Lookup Job Stuck for several hours before completion

gagan8877 · Post by **gagan8877** » Sat Feb 16, 2013 10:08 pm

Config File has 4 nodes.

-----------------------------

##I IIS-DSEE-TOIX-00059 21:46:28(000) <APT_RealFileExportOperator in APT_FileExportOperator,0> Export complete; 6 records exported successfully, 0 rejected.
##I IIS-DSEE-TFSC-00010 21:46:28(000) <main_program> Step execution finished with status = OK.
##I IIS-DSEE-TCOA-00071 21:46:28(001) <main_program> Total virtual memory on node node0 is 6144 MB.
.
##I IIS-DSEE-TCOA-00071 21:46:28(002) <main_program> Config file checker on node node0 reports 0 error(s), 0 warning(s).
.
##I IIS-DSEE-TCOA-00071 21:46:28(003) <main_program> Config file checker on node node6 reports 0 error(s), 0 warning(s).
.
##I IIS-DSEE-TCOA-00071 21:46:28(004) <main_program> Config file checker on node node5 reports 0 error(s), 0 warning(s).
.
##I IIS-DSEE-TCOA-00071 21:46:28(005) <main_program> Total virtual memory on node node4 is 6144 MB.
.
##I IIS-DSEE-TCOA-00071 21:46:28(006) <main_program> Config file checker on node node4 reports 0 error(s), 0 warning(s).
.
##I IIS-DSEE-TCOA-00072 21:46:28(007) <main_program> 0 error(s) detected.
##I IIS-DSEE-TCOA-00073 21:46:28(008) <main_program> 0 warning(s) detected.

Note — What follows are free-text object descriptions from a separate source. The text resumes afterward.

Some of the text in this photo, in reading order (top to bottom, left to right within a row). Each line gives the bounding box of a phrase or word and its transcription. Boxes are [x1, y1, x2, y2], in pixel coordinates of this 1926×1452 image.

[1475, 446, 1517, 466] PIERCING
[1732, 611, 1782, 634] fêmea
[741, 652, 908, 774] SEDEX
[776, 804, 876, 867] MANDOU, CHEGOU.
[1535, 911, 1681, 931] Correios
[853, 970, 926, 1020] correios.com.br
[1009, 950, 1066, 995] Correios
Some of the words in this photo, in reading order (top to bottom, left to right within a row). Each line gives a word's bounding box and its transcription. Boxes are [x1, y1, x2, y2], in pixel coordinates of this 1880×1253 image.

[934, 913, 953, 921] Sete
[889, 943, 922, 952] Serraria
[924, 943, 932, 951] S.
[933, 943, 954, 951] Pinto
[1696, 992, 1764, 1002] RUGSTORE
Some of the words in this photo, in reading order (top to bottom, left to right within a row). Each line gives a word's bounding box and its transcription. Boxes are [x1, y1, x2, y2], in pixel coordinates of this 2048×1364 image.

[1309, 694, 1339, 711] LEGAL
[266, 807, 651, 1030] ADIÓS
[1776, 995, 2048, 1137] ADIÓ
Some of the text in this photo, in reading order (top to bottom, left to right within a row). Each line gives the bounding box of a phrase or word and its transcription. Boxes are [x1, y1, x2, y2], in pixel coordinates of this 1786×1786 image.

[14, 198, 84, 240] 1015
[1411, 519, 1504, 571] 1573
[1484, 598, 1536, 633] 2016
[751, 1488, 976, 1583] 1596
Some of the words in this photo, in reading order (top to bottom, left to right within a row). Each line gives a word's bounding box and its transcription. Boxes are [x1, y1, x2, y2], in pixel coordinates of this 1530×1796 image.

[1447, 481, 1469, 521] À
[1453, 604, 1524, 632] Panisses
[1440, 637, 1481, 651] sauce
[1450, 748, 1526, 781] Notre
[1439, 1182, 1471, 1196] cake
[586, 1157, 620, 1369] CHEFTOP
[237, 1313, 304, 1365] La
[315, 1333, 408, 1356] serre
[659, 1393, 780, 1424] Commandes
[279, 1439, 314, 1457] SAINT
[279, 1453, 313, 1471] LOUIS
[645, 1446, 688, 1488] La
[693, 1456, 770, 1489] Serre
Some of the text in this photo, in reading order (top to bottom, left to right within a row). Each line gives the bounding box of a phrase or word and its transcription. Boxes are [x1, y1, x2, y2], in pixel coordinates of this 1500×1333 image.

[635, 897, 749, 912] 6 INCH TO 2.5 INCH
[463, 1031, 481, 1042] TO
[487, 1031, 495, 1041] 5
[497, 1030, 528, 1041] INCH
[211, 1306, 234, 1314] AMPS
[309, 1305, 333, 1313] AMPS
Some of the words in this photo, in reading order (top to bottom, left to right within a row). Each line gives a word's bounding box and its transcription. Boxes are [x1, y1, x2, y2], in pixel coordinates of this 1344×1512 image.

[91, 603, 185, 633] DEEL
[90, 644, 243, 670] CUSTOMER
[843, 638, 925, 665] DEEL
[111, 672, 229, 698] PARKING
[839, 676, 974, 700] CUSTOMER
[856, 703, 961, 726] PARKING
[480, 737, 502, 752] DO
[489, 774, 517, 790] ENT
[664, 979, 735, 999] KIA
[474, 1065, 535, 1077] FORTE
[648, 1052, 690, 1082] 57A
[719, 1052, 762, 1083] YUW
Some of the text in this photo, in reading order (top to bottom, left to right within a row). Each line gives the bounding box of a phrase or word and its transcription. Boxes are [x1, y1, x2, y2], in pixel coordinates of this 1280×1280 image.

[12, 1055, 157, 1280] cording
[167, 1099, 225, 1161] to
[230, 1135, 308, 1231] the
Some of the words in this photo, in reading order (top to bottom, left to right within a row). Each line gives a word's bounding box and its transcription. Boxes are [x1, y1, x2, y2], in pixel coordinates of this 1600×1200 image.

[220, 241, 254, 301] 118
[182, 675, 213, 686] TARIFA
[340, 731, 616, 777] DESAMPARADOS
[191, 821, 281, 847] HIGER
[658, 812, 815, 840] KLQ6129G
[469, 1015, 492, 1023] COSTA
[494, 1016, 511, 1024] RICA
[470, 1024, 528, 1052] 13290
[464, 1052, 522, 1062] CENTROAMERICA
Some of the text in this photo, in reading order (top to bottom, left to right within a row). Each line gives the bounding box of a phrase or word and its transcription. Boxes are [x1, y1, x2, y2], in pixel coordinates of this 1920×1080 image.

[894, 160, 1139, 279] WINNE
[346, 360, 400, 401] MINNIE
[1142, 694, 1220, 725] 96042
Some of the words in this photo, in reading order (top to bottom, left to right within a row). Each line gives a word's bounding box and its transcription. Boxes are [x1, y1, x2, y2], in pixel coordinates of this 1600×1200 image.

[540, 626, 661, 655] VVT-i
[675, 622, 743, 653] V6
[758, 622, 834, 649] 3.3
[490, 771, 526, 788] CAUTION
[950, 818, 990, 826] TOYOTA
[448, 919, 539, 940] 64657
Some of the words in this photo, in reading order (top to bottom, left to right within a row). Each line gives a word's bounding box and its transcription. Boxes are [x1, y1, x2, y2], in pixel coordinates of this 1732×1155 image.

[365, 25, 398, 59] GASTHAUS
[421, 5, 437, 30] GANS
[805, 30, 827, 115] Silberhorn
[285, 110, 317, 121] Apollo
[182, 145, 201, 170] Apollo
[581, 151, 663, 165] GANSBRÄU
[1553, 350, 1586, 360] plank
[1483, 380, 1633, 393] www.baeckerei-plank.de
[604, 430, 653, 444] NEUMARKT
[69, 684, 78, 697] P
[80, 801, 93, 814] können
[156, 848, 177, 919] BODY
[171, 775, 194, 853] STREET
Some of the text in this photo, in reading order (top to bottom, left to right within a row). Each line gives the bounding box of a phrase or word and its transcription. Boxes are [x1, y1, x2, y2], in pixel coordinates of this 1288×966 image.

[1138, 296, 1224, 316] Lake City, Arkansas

---------------------------

Job is simple:

1. Reads from a dataset (791.5 MB total, on 4 nodes)

Totals:
records : 3057400
blocks : 6332
bytes : 828555400
filesize: 829947904
min part: 207486976
max part: 207486976

2. Lookup from LookupFileSet (5414 rows each (partitioning - entire) on 2 nodes)

Totals:
filesize: 369280 (360 KB)
min part: 184640
max part: 184640

3. The Lookup outputs to a dataset - 592558548 rows, approx. 21 GB. During write operation, the output dataset is repartitioned for the join in the down stream job.

If I look at job monitoring window in Director:

- Job started @ 7:09 PM
-Current time 10:30 PM
-Showing Elapsed time: 00:43:49
-No. of rows on the output link: 591200424
-%CP @ 24

It seems the job gets stuck after 43 min for a the next 12 hours and then finishes after 13 hours.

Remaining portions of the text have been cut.